- [Required work]
In your copy, drop the images and return each record exactly as it stands.

- [Data extracts]

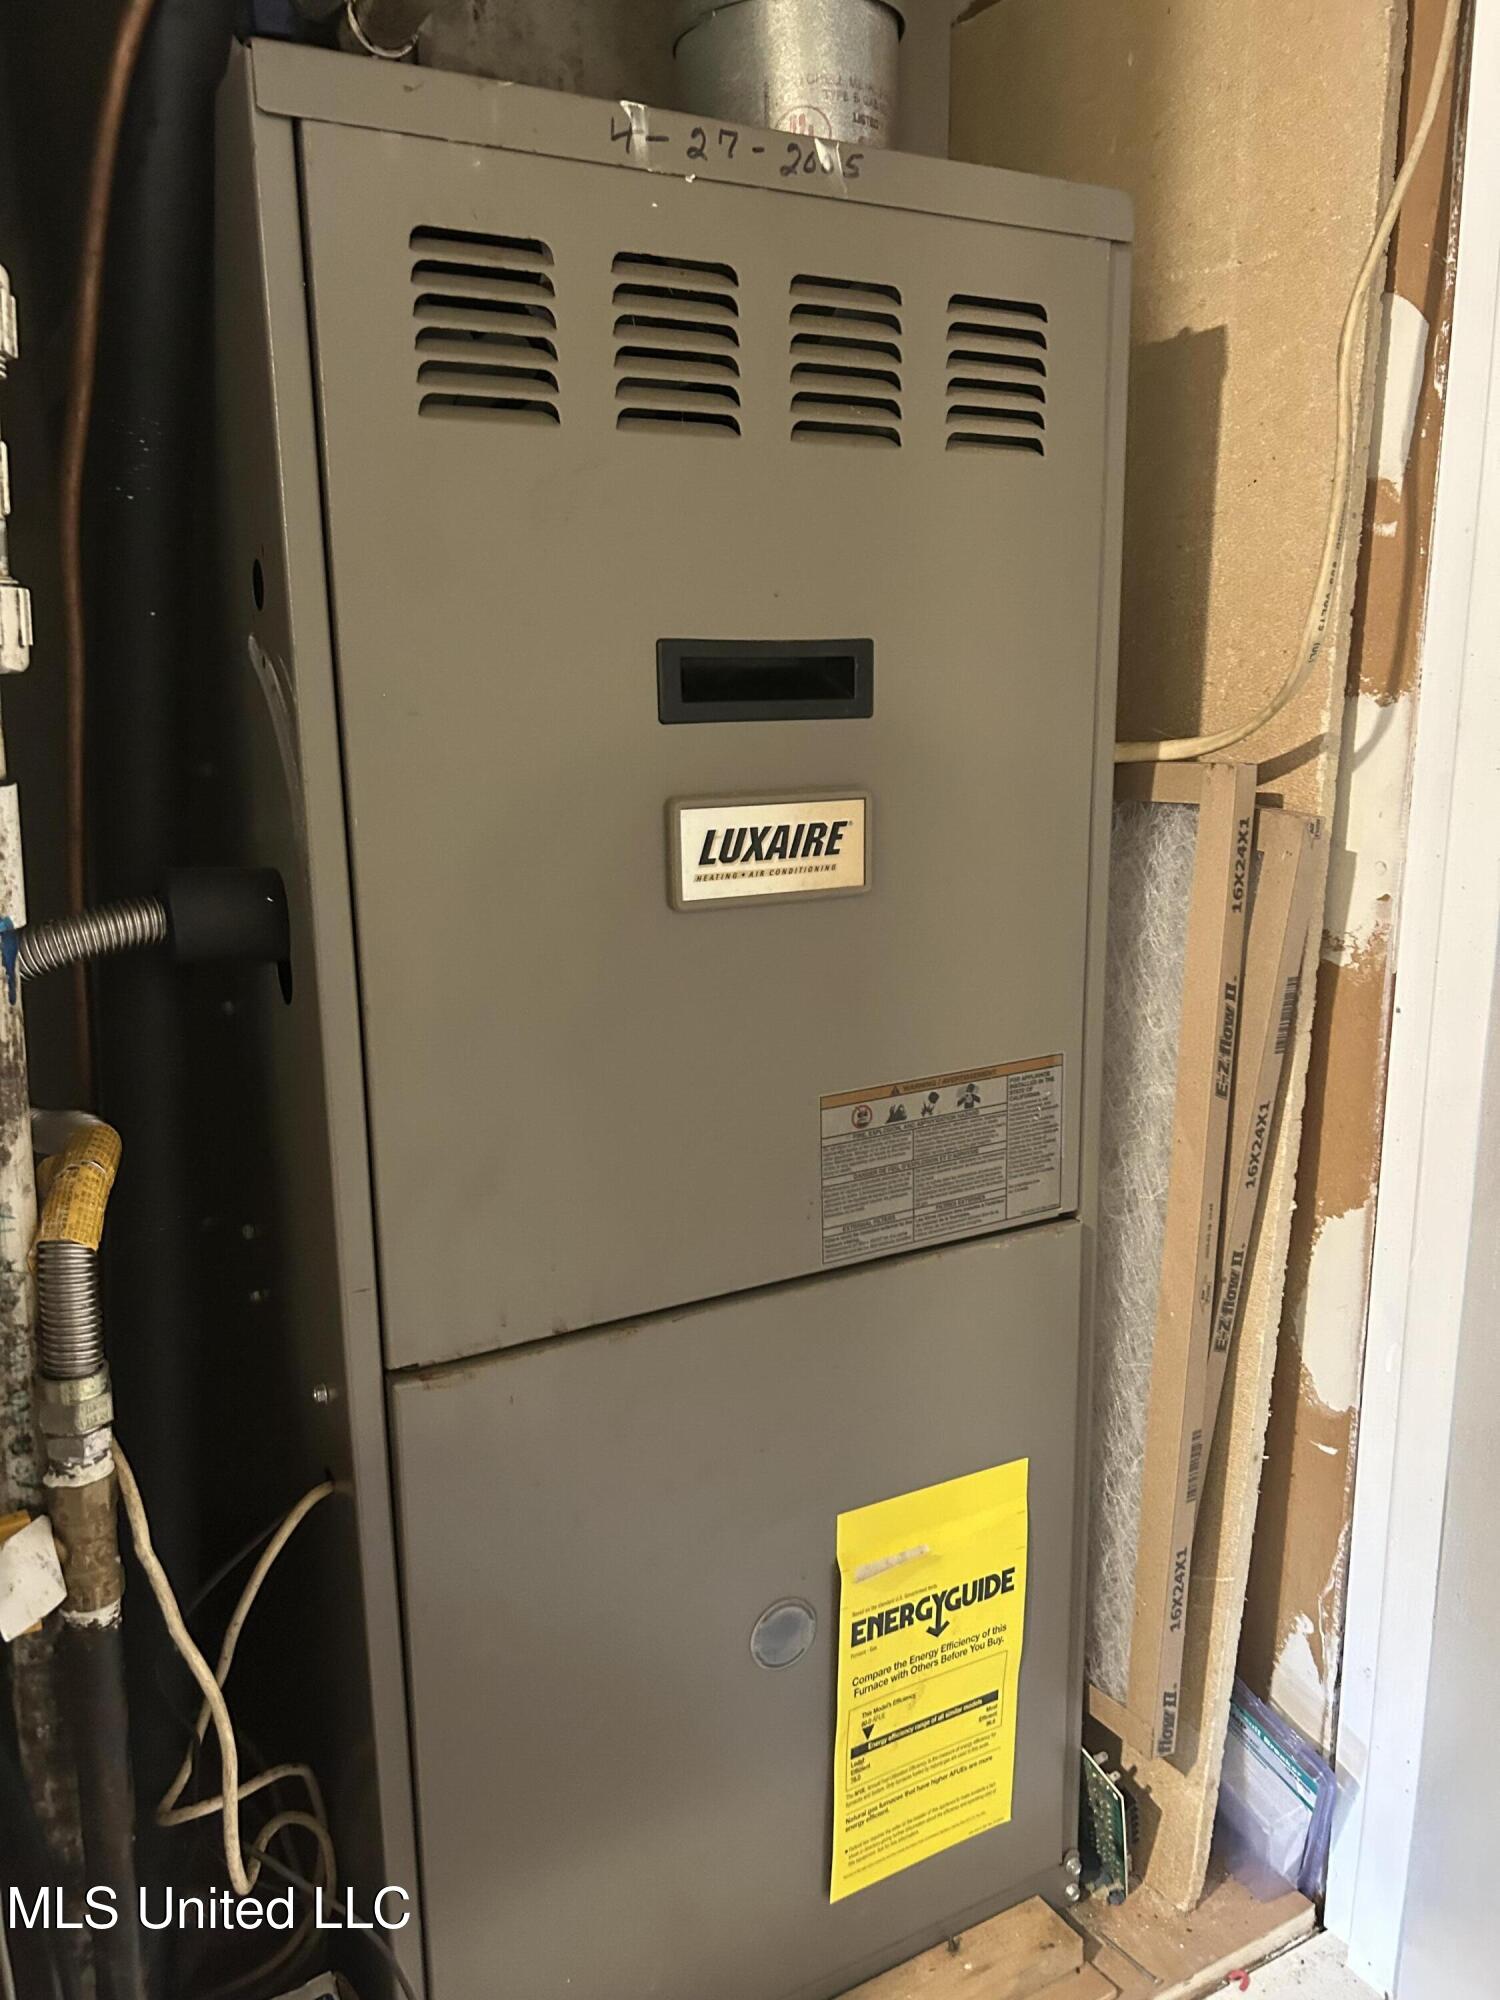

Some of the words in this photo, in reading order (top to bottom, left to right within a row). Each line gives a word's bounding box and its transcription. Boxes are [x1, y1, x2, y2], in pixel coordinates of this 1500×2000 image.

[1318, 593, 1331, 631] VOLTS
[695, 872, 738, 882] HEATING
[748, 869, 764, 879] AIR
[769, 864, 837, 877] CONDITIONING
[698, 820, 848, 866] LUXAIRE
[1231, 816, 1250, 914] 16X24X1
[1219, 1008, 1236, 1059] flow
[1245, 1103, 1270, 1189] 16X24X1
[851, 1567, 1015, 1648] ENERGYGUIDE
[1170, 1547, 1188, 1632] 16X24X1
[852, 1666, 891, 1687] Compare
[893, 1659, 907, 1671] the
[910, 1646, 938, 1665] Energy
[941, 1633, 980, 1653] Efficiency
[982, 1627, 991, 1639] of
[993, 1623, 1007, 1635] this
[854, 1679, 889, 1698] Furnace
[891, 1669, 908, 1682] with
[911, 1659, 938, 1675] Others
[941, 1648, 968, 1664] Before
[970, 1642, 985, 1654] You
[988, 1636, 1004, 1649] Buy.
[868, 1738, 888, 1750] Energy

- [Response to the task]
Some of the words in this photo, in reading order (top to bottom, left to right within a row). Each line gives a word's bounding box and its transcription. Boxes are [x1, y1, x2, y2], in pixel coordinates of this 1500×2000 image.

[1318, 593, 1331, 631] VOLTS
[695, 872, 738, 882] HEATING
[748, 869, 764, 879] AIR
[769, 864, 837, 877] CONDITIONING
[698, 820, 848, 866] LUXAIRE
[1231, 816, 1250, 914] 16X24X1
[1219, 1008, 1236, 1059] flow
[1245, 1103, 1270, 1189] 16X24X1
[851, 1567, 1015, 1648] ENERGYGUIDE
[1170, 1547, 1188, 1632] 16X24X1
[852, 1666, 891, 1687] Compare
[893, 1659, 907, 1671] the
[910, 1646, 938, 1665] Energy
[941, 1633, 980, 1653] Efficiency
[982, 1627, 991, 1639] of
[993, 1623, 1007, 1635] this
[854, 1679, 889, 1698] Furnace
[891, 1669, 908, 1682] with
[911, 1659, 938, 1675] Others
[941, 1648, 968, 1664] Before
[970, 1642, 985, 1654] You
[988, 1636, 1004, 1649] Buy.
[868, 1738, 888, 1750] Energy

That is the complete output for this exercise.